= 1971 Iraq poison grain disaster =

Incident of mass poisoning in Iraq in 1971

A sack of "pink grain". Note the labelling in Spanish, and the grain's distinctive orange-pink colour.

The 1971 Iraq poison grain disaster was a mass methylmercury poisoning incident where seed grain treated with a methylmercury fungicide, which was never intended for human consumption, was imported into Iraq from Mexico and the United States. Due to factors like foreign-language labeling and distribution too late into the growing cycle, this toxic grain was consumed as food by Iraqi residents in rural areas of the country. Sufferers experienced paresthesia (numbness of skin), ataxia (lack of coordination of muscle movements) and vision loss, symptoms similar to those observed in Minamata disease-affected Japan. Though the official death toll was 459, figures of as much as ten times greater have been suggested. When it occurred in 1971, the poisoning was the largest mercury poisoning event in history, with cases peaking in February 1972 and stopping by the end of March.

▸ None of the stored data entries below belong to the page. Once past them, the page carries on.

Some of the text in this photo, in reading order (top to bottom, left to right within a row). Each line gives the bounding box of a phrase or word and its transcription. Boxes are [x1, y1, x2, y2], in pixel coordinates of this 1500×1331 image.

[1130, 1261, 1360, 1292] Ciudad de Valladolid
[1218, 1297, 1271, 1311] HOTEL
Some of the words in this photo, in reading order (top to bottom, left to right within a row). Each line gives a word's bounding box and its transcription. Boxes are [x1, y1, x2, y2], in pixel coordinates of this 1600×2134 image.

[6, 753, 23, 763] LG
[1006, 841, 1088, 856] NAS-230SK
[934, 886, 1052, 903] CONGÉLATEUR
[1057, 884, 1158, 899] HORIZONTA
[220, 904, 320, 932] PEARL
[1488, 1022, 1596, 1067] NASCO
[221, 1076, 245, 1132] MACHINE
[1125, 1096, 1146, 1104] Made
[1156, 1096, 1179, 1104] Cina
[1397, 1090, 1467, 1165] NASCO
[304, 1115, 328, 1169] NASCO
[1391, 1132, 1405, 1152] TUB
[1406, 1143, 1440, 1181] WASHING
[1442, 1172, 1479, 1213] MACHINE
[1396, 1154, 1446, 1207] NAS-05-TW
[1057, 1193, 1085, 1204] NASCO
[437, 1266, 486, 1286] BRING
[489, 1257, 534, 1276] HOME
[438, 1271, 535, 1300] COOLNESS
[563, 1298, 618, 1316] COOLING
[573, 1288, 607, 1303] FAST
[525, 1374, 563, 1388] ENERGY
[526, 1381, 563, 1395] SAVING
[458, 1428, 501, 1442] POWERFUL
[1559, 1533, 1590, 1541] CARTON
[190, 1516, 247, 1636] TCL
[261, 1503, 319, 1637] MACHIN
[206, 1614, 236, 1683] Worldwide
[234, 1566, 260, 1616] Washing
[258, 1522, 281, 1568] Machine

Reports after the disaster recommended tighter regulation, better labelling and handling of mercury-treated grain, and wider involvement of the World Health Organization in monitoring and preventing poisoning incidents. Investigation confirmed the particular danger posed to fetuses and young children.

== Context ==

Mercury was found to be an effective fungicide in the early 1900s, but its popularity resulted in several poisoning events due to its toxicity. Mercury compounds were used from 1949 onwards as seed dressings to protect seeds from fungal and insect attack. Seed dressings are supposed not to leave harmful residues in harvested cereal crops.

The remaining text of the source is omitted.